=== Begin Enclosure ===

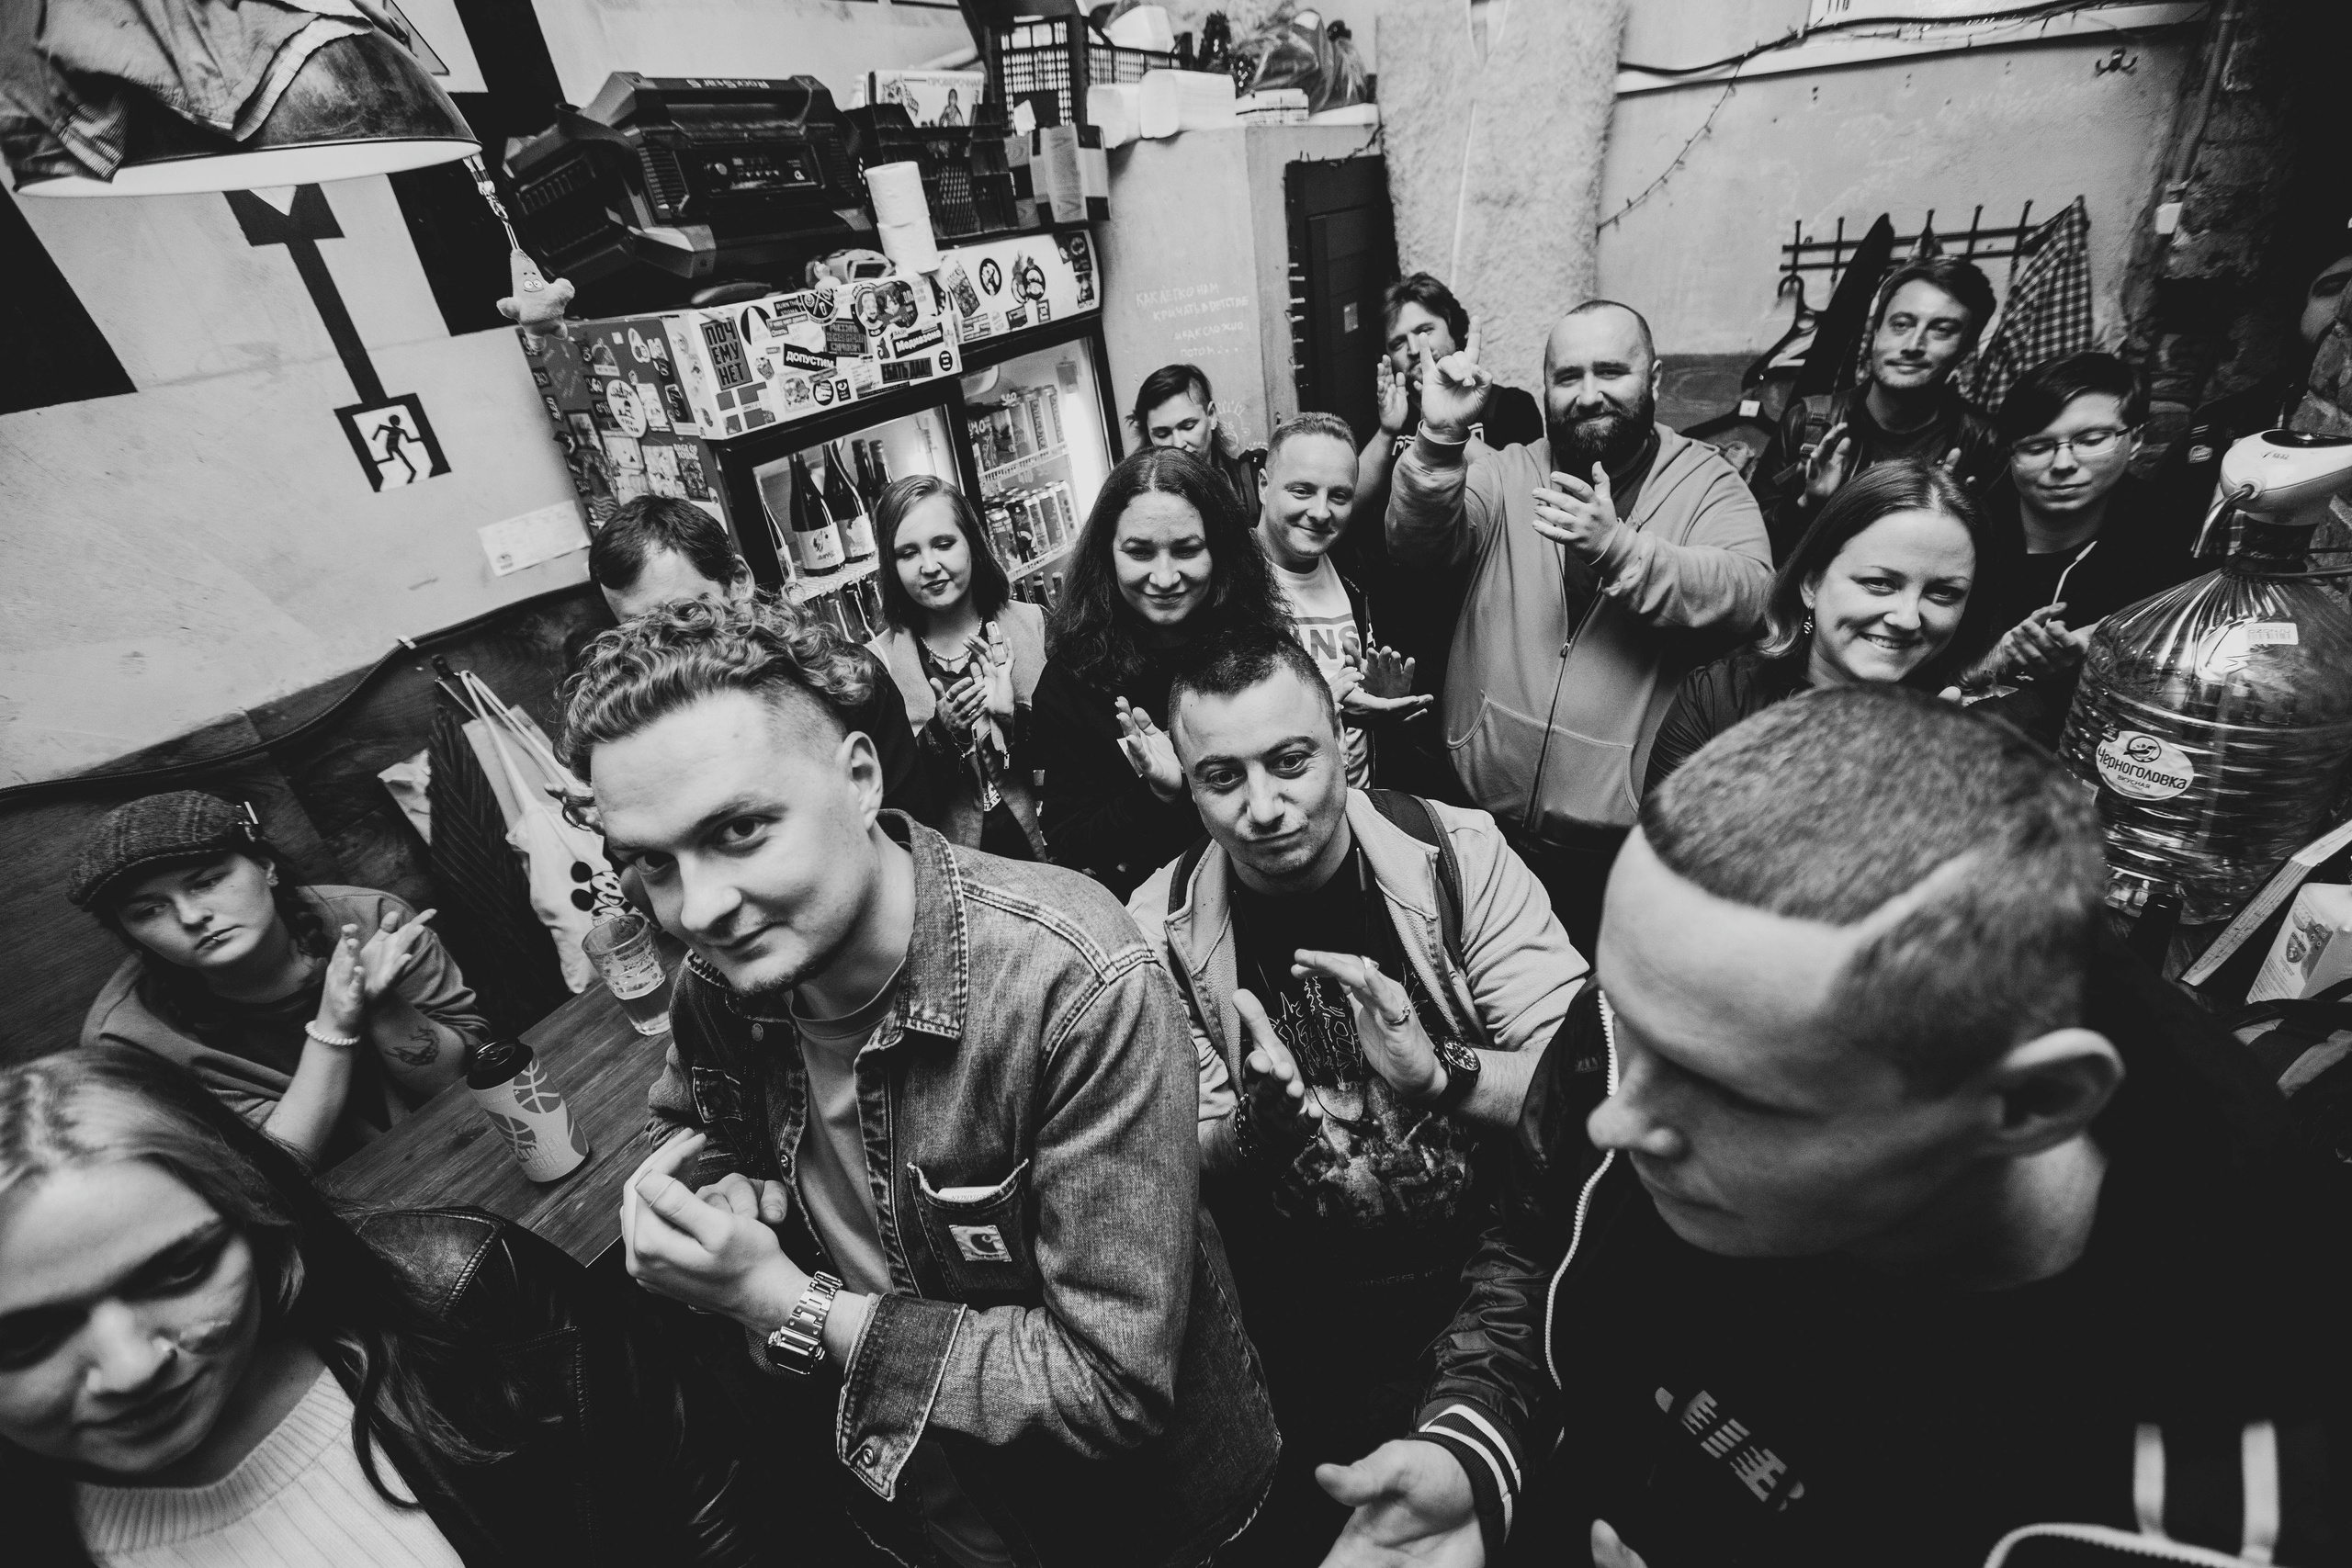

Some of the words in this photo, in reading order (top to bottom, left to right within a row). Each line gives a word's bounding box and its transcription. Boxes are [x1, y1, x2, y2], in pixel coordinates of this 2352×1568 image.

[706, 321, 736, 346] ПОЧ
[895, 329, 942, 352] Медиазона
[711, 341, 740, 365] ЕМУ
[786, 350, 835, 368] ДОПУСТИМ
[718, 362, 744, 386] НЕТ
[2098, 746, 2188, 790] Черноголовка
[2116, 773, 2152, 790] ВКУСНАЯ

=== End Enclosure ===

• [AIM OF THE TASK]:
Go through the material above and repeat it exactly. Omit the pictures.

• [OUTPUT FOR THIS EXERCISE]:
Some of the words in this photo, in reading order (top to bottom, left to right within a row). Each line gives a word's bounding box and its transcription. Boxes are [x1, y1, x2, y2], in pixel coordinates of this 2352×1568 image.

[706, 321, 736, 346] ПОЧ
[895, 329, 942, 352] Медиазона
[711, 341, 740, 365] ЕМУ
[786, 350, 835, 368] ДОПУСТИМ
[718, 362, 744, 386] НЕТ
[2098, 746, 2188, 790] Черноголовка
[2116, 773, 2152, 790] ВКУСНАЯ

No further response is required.